Predicting solubility trends
Introduction:
The key is to understand why a molecule might want to dissolve in a solvent (or if two solvents are miscible)? Condensed matter has cohesive molecule-molecule interactions that keep them together as a solid (or liquid). So why would it want to break these interactions?
The answer is that a solvent will dissolve a molecule if the solvent can form equally strong or stronger molecule-solvent interactions than the molecule-molecule interactions. In other words, does the molecule like the solvent more than it likes itself?
In order to answer this question, we have to be able to predict what interactions a molecule can make with itself or a solvent and what the relative strengths of these interactions are. Below are a list of intermolecular interactions and their relative strengths.

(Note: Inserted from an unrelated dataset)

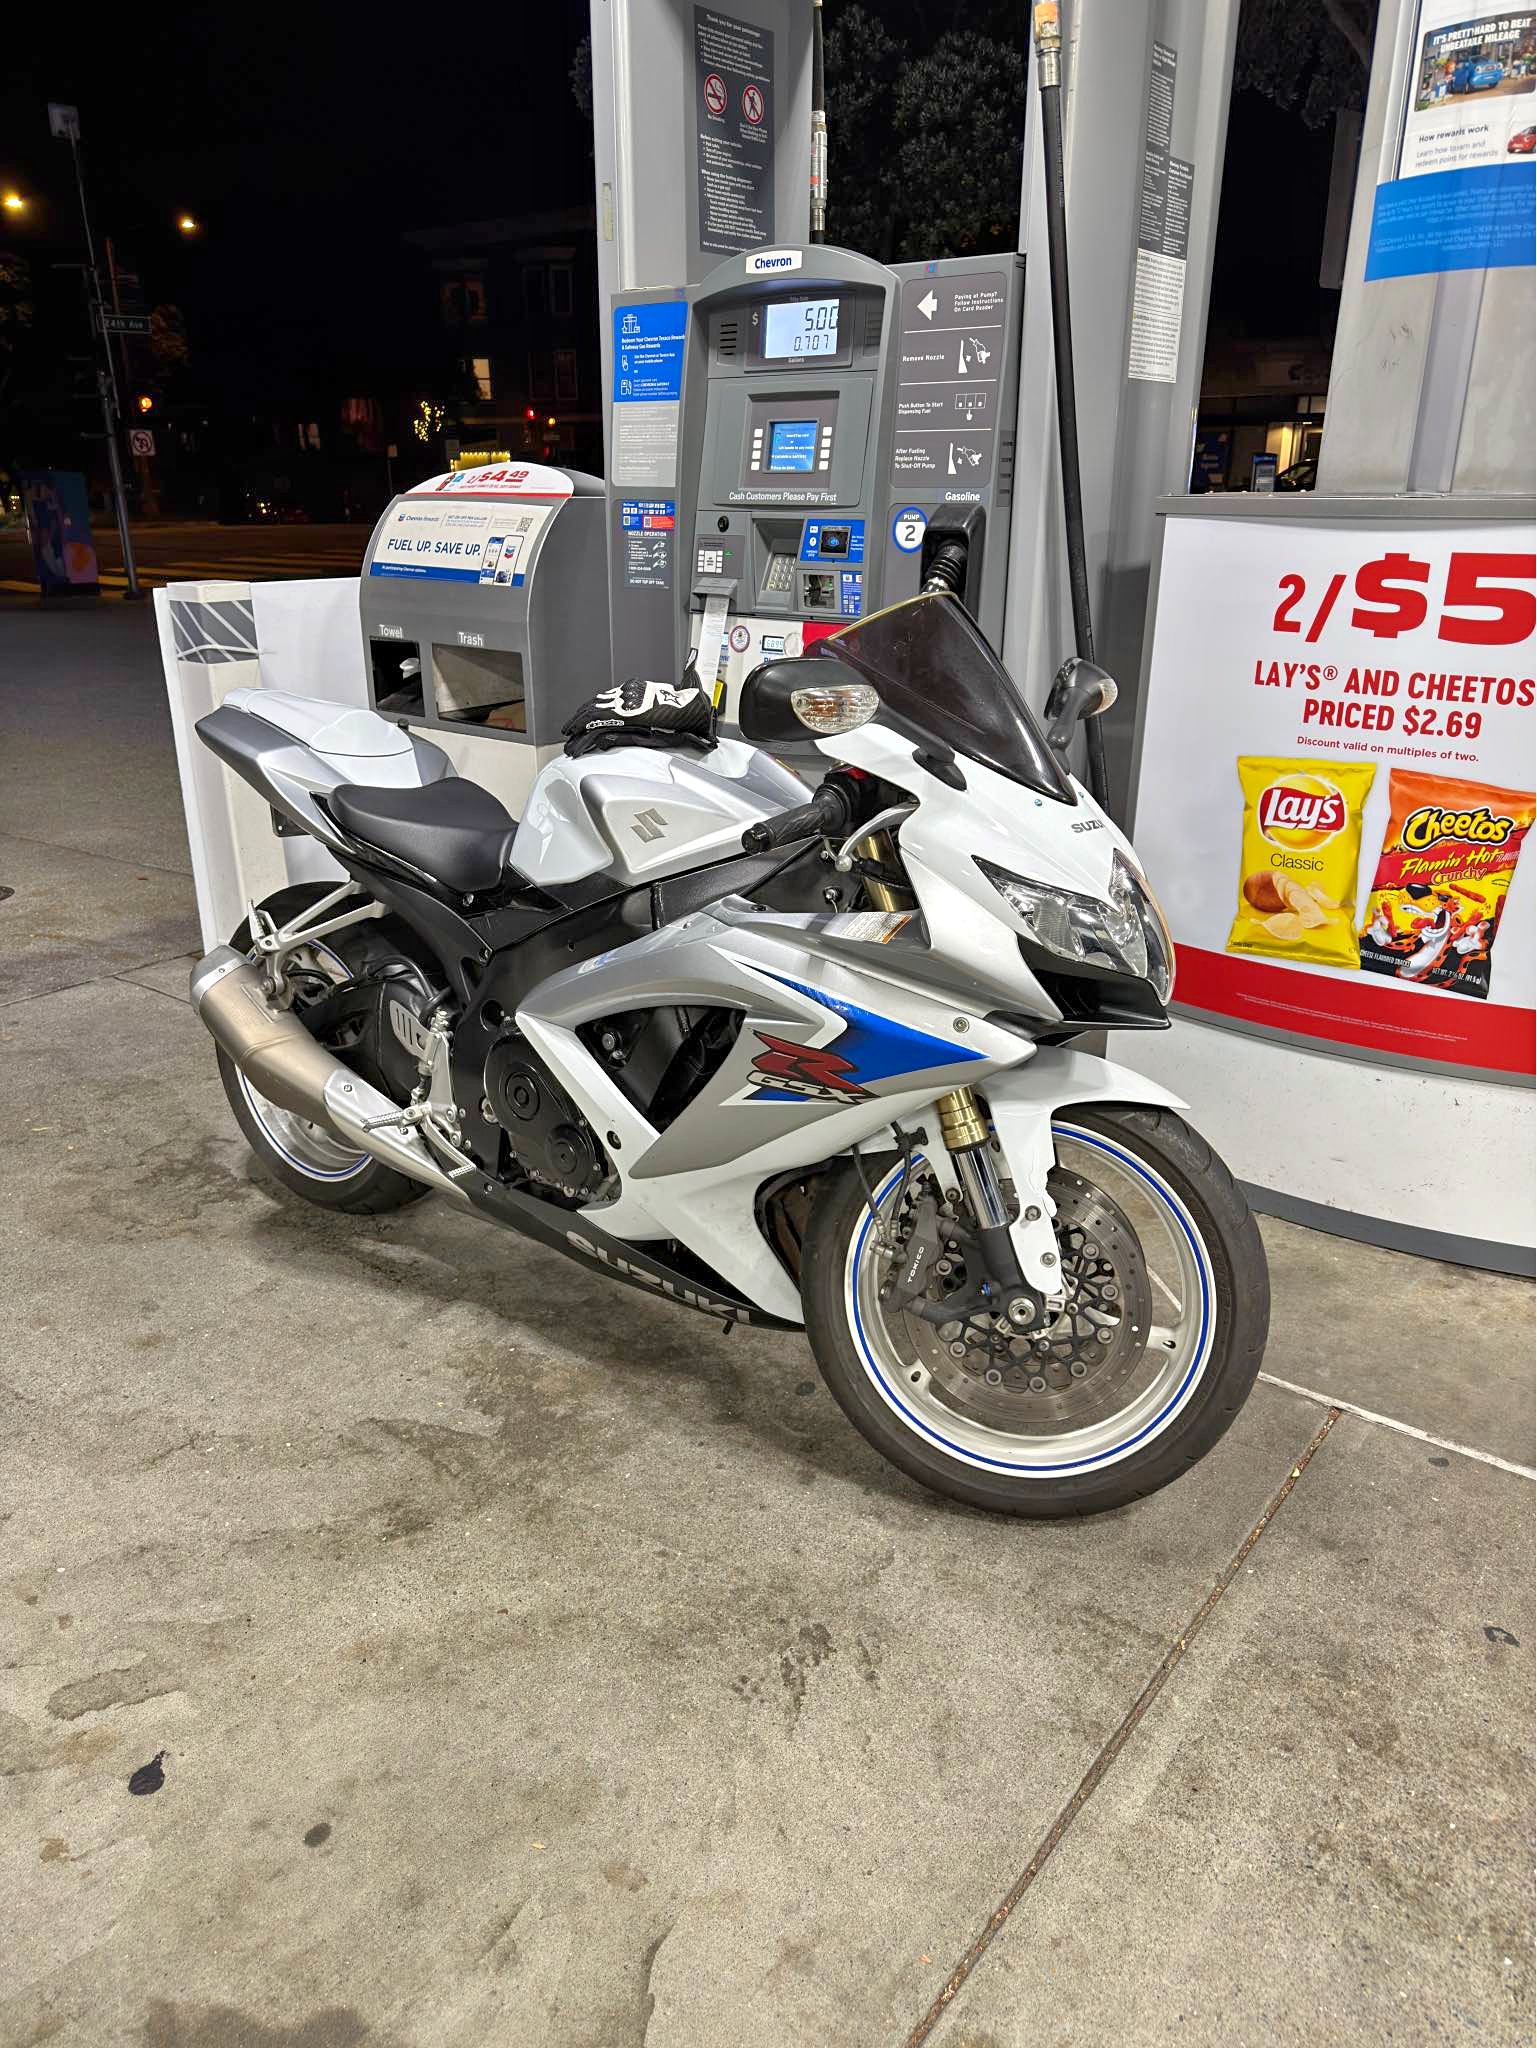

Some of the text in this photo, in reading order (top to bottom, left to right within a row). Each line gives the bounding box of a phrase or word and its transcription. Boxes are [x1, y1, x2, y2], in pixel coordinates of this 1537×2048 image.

We also need to classify the common solvents by their ability to make the above interactions. There are three general classes of solvents but the overall scale is a continuum. Notice that as we go toward water, we can make more an more of the strong intermolecular forces. And on the left-hand side, the non-polar organic solvents can only make weak intermolecular (dispersion) interactions.
How to:
So the simplest prediction that we can make is: will a molecule dissolve in non-polar organic solvent (hydrophobic) or in water (hydrophilic).
Molecules that have strong cohesive molecule-molecule interactions such as ions (charged molecules and salts) or strong hydrogen bonds (alcohols, carboxylic acids etc) will not dissolve in non-polar solvents because the hydrophobic solvents cannot form strong interactions with these molecules. Water, on the hand, can form strong ion-dipole and hydrogen bonding interactions and thus can dissolve molecules that are held together by strong cohesive interactions.
Non-polar organic solvents will dissolve hydrophobic molecules, which are molecules that do not have polar groups like ions and hydrogen bonding functionality (alcohols, carboxylic acids. The reason is that they are all in the ‘weakly attractive club’ so the solvent can break the weak molecule-molecule dispersion interactions.
One interesting question is why doesn’t water dissolve hydrophobic molecules (and solvents)? The answer is that, yes, water can form cohesive interactions with hydrophobic molecules but that water can form much stronger cohesive interactions with itself. So water, effectively, excludes the ‘unattractive’ hydrophobic molecules from its ‘clique’ of ‘attractive molecules’ like itself.